INFORMATION GIVEN →
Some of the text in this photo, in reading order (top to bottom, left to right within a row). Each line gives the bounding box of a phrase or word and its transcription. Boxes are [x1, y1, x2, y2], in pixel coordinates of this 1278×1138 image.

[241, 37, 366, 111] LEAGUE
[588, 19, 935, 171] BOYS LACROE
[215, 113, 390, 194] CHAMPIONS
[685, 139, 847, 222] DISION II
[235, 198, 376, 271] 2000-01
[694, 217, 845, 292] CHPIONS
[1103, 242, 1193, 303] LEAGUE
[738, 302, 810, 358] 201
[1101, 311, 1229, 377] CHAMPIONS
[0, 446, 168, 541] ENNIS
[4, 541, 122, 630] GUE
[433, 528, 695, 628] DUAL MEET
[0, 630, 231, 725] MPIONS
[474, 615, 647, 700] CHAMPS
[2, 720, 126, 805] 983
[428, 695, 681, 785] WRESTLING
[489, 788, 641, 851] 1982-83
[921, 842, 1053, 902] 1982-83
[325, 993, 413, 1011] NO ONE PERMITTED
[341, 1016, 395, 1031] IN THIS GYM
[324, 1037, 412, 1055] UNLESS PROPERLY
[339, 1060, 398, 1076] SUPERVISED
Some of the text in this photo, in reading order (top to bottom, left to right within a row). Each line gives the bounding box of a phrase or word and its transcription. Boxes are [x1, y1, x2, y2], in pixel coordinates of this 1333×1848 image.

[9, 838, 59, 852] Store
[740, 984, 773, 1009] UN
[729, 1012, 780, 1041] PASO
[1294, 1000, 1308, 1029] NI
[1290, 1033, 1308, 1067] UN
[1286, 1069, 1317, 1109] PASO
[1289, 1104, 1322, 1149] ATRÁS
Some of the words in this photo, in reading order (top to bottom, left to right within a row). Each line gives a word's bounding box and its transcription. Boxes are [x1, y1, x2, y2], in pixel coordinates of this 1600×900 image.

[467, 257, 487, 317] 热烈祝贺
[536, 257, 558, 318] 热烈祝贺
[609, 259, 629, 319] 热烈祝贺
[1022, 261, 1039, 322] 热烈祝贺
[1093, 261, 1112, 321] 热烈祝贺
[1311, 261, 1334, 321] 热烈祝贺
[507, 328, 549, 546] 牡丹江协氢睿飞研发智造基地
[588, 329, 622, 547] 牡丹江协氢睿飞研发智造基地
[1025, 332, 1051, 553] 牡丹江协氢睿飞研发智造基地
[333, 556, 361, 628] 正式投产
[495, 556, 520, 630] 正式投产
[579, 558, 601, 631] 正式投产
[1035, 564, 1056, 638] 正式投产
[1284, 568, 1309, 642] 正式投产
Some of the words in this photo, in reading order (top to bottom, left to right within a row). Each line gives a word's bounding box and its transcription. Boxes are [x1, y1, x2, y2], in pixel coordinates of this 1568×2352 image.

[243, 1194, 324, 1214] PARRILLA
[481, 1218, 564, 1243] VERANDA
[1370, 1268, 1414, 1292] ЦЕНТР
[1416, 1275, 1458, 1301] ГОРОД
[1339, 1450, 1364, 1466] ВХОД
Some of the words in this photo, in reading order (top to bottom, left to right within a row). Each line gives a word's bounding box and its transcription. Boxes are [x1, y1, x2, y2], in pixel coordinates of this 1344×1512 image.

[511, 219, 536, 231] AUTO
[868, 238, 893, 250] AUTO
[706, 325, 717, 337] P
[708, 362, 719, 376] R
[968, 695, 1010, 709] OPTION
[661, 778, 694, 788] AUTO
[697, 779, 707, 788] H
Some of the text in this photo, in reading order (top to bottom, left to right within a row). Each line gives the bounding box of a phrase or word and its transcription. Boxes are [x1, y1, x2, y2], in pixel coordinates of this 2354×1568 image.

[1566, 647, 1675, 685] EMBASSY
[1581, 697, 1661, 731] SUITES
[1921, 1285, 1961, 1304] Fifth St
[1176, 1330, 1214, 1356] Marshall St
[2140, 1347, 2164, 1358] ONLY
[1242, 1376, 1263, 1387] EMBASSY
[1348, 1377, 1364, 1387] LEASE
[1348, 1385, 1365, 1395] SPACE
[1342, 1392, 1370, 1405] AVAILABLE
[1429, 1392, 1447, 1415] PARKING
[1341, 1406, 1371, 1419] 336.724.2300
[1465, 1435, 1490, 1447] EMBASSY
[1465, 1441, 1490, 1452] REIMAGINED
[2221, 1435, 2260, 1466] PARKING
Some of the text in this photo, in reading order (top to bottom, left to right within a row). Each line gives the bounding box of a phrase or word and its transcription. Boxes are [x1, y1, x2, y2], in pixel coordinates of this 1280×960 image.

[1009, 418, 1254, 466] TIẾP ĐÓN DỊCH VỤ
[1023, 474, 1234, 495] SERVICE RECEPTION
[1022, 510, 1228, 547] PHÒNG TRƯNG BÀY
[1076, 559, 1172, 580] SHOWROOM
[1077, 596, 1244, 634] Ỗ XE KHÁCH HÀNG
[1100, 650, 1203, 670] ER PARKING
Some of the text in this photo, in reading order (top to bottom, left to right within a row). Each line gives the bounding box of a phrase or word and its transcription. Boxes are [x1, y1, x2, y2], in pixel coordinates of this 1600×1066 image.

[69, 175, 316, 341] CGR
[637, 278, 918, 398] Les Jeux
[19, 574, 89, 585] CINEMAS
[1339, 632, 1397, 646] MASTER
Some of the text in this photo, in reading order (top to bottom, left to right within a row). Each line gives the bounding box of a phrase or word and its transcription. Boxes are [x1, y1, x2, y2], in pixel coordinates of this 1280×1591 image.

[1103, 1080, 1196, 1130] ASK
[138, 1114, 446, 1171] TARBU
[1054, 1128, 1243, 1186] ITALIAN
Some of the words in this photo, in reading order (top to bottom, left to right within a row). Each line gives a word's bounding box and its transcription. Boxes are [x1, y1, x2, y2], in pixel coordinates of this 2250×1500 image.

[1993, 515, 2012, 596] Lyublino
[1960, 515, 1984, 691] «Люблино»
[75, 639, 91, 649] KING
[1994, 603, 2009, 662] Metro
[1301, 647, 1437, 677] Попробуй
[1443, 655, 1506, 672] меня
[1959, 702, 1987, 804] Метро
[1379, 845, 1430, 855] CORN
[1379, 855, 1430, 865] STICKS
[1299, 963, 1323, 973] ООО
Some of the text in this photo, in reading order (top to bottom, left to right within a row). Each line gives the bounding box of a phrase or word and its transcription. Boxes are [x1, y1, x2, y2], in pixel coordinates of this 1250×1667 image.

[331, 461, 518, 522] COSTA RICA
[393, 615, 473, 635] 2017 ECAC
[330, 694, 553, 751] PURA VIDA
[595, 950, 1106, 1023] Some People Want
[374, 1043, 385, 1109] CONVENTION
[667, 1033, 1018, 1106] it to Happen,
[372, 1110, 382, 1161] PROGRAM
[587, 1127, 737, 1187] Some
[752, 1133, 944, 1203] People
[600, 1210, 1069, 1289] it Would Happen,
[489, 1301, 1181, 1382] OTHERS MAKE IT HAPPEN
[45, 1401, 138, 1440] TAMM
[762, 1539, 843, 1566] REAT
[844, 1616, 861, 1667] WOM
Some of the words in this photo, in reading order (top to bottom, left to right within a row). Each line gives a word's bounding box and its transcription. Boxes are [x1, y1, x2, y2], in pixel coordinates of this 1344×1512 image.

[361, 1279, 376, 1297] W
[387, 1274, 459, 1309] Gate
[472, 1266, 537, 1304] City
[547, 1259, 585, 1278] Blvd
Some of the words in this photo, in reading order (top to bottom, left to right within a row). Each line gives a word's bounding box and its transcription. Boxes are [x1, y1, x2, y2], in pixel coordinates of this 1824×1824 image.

YOUR INSTRUCTIONS → Return the listing. Match it exactly.

RESPONSE →
Some of the text in this photo, in reading order (top to bottom, left to right within a row). Each line gives the bounding box of a phrase or word and its transcription. Boxes are [x1, y1, x2, y2], in pixel coordinates of this 1278×1138 image.

[241, 37, 366, 111] LEAGUE
[588, 19, 935, 171] BOYS LACROE
[215, 113, 390, 194] CHAMPIONS
[685, 139, 847, 222] DISION II
[235, 198, 376, 271] 2000-01
[694, 217, 845, 292] CHPIONS
[1103, 242, 1193, 303] LEAGUE
[738, 302, 810, 358] 201
[1101, 311, 1229, 377] CHAMPIONS
[0, 446, 168, 541] ENNIS
[4, 541, 122, 630] GUE
[433, 528, 695, 628] DUAL MEET
[0, 630, 231, 725] MPIONS
[474, 615, 647, 700] CHAMPS
[2, 720, 126, 805] 983
[428, 695, 681, 785] WRESTLING
[489, 788, 641, 851] 1982-83
[921, 842, 1053, 902] 1982-83
[325, 993, 413, 1011] NO ONE PERMITTED
[341, 1016, 395, 1031] IN THIS GYM
[324, 1037, 412, 1055] UNLESS PROPERLY
[339, 1060, 398, 1076] SUPERVISED
Some of the text in this photo, in reading order (top to bottom, left to right within a row). Each line gives the bounding box of a phrase or word and its transcription. Boxes are [x1, y1, x2, y2], in pixel coordinates of this 1333×1848 image.

[9, 838, 59, 852] Store
[740, 984, 773, 1009] UN
[729, 1012, 780, 1041] PASO
[1294, 1000, 1308, 1029] NI
[1290, 1033, 1308, 1067] UN
[1286, 1069, 1317, 1109] PASO
[1289, 1104, 1322, 1149] ATRÁS
Some of the words in this photo, in reading order (top to bottom, left to right within a row). Each line gives a word's bounding box and its transcription. Boxes are [x1, y1, x2, y2], in pixel coordinates of this 1600×900 image.

[467, 257, 487, 317] 热烈祝贺
[536, 257, 558, 318] 热烈祝贺
[609, 259, 629, 319] 热烈祝贺
[1022, 261, 1039, 322] 热烈祝贺
[1093, 261, 1112, 321] 热烈祝贺
[1311, 261, 1334, 321] 热烈祝贺
[507, 328, 549, 546] 牡丹江协氢睿飞研发智造基地
[588, 329, 622, 547] 牡丹江协氢睿飞研发智造基地
[1025, 332, 1051, 553] 牡丹江协氢睿飞研发智造基地
[333, 556, 361, 628] 正式投产
[495, 556, 520, 630] 正式投产
[579, 558, 601, 631] 正式投产
[1035, 564, 1056, 638] 正式投产
[1284, 568, 1309, 642] 正式投产
Some of the words in this photo, in reading order (top to bottom, left to right within a row). Each line gives a word's bounding box and its transcription. Boxes are [x1, y1, x2, y2], in pixel coordinates of this 1568×2352 image.

[243, 1194, 324, 1214] PARRILLA
[481, 1218, 564, 1243] VERANDA
[1370, 1268, 1414, 1292] ЦЕНТР
[1416, 1275, 1458, 1301] ГОРОД
[1339, 1450, 1364, 1466] ВХОД
Some of the words in this photo, in reading order (top to bottom, left to right within a row). Each line gives a word's bounding box and its transcription. Boxes are [x1, y1, x2, y2], in pixel coordinates of this 1344×1512 image.

[511, 219, 536, 231] AUTO
[868, 238, 893, 250] AUTO
[706, 325, 717, 337] P
[708, 362, 719, 376] R
[968, 695, 1010, 709] OPTION
[661, 778, 694, 788] AUTO
[697, 779, 707, 788] H
Some of the text in this photo, in reading order (top to bottom, left to right within a row). Each line gives the bounding box of a phrase or word and its transcription. Boxes are [x1, y1, x2, y2], in pixel coordinates of this 2354×1568 image.

[1566, 647, 1675, 685] EMBASSY
[1581, 697, 1661, 731] SUITES
[1921, 1285, 1961, 1304] Fifth St
[1176, 1330, 1214, 1356] Marshall St
[2140, 1347, 2164, 1358] ONLY
[1242, 1376, 1263, 1387] EMBASSY
[1348, 1377, 1364, 1387] LEASE
[1348, 1385, 1365, 1395] SPACE
[1342, 1392, 1370, 1405] AVAILABLE
[1429, 1392, 1447, 1415] PARKING
[1341, 1406, 1371, 1419] 336.724.2300
[1465, 1435, 1490, 1447] EMBASSY
[1465, 1441, 1490, 1452] REIMAGINED
[2221, 1435, 2260, 1466] PARKING
Some of the text in this photo, in reading order (top to bottom, left to right within a row). Each line gives the bounding box of a phrase or word and its transcription. Boxes are [x1, y1, x2, y2], in pixel coordinates of this 1280×960 image.

[1009, 418, 1254, 466] TIẾP ĐÓN DỊCH VỤ
[1023, 474, 1234, 495] SERVICE RECEPTION
[1022, 510, 1228, 547] PHÒNG TRƯNG BÀY
[1076, 559, 1172, 580] SHOWROOM
[1077, 596, 1244, 634] Ỗ XE KHÁCH HÀNG
[1100, 650, 1203, 670] ER PARKING
Some of the text in this photo, in reading order (top to bottom, left to right within a row). Each line gives the bounding box of a phrase or word and its transcription. Boxes are [x1, y1, x2, y2], in pixel coordinates of this 1600×1066 image.

[69, 175, 316, 341] CGR
[637, 278, 918, 398] Les Jeux
[19, 574, 89, 585] CINEMAS
[1339, 632, 1397, 646] MASTER
Some of the text in this photo, in reading order (top to bottom, left to right within a row). Each line gives the bounding box of a phrase or word and its transcription. Boxes are [x1, y1, x2, y2], in pixel coordinates of this 1280×1591 image.

[1103, 1080, 1196, 1130] ASK
[138, 1114, 446, 1171] TARBU
[1054, 1128, 1243, 1186] ITALIAN
Some of the words in this photo, in reading order (top to bottom, left to right within a row). Each line gives a word's bounding box and its transcription. Boxes are [x1, y1, x2, y2], in pixel coordinates of this 2250×1500 image.

[1993, 515, 2012, 596] Lyublino
[1960, 515, 1984, 691] «Люблино»
[75, 639, 91, 649] KING
[1994, 603, 2009, 662] Metro
[1301, 647, 1437, 677] Попробуй
[1443, 655, 1506, 672] меня
[1959, 702, 1987, 804] Метро
[1379, 845, 1430, 855] CORN
[1379, 855, 1430, 865] STICKS
[1299, 963, 1323, 973] ООО
Some of the text in this photo, in reading order (top to bottom, left to right within a row). Each line gives the bounding box of a phrase or word and its transcription. Boxes are [x1, y1, x2, y2], in pixel coordinates of this 1250×1667 image.

[331, 461, 518, 522] COSTA RICA
[393, 615, 473, 635] 2017 ECAC
[330, 694, 553, 751] PURA VIDA
[595, 950, 1106, 1023] Some People Want
[374, 1043, 385, 1109] CONVENTION
[667, 1033, 1018, 1106] it to Happen,
[372, 1110, 382, 1161] PROGRAM
[587, 1127, 737, 1187] Some
[752, 1133, 944, 1203] People
[600, 1210, 1069, 1289] it Would Happen,
[489, 1301, 1181, 1382] OTHERS MAKE IT HAPPEN
[45, 1401, 138, 1440] TAMM
[762, 1539, 843, 1566] REAT
[844, 1616, 861, 1667] WOM
Some of the words in this photo, in reading order (top to bottom, left to right within a row). Each line gives a word's bounding box and its transcription. Boxes are [x1, y1, x2, y2], in pixel coordinates of this 1344×1512 image.

[361, 1279, 376, 1297] W
[387, 1274, 459, 1309] Gate
[472, 1266, 537, 1304] City
[547, 1259, 585, 1278] Blvd
Some of the words in this photo, in reading order (top to bottom, left to right within a row). Each line gives a word's bounding box and its transcription. Boxes are [x1, y1, x2, y2], in pixel coordinates of this 1824×1824 image.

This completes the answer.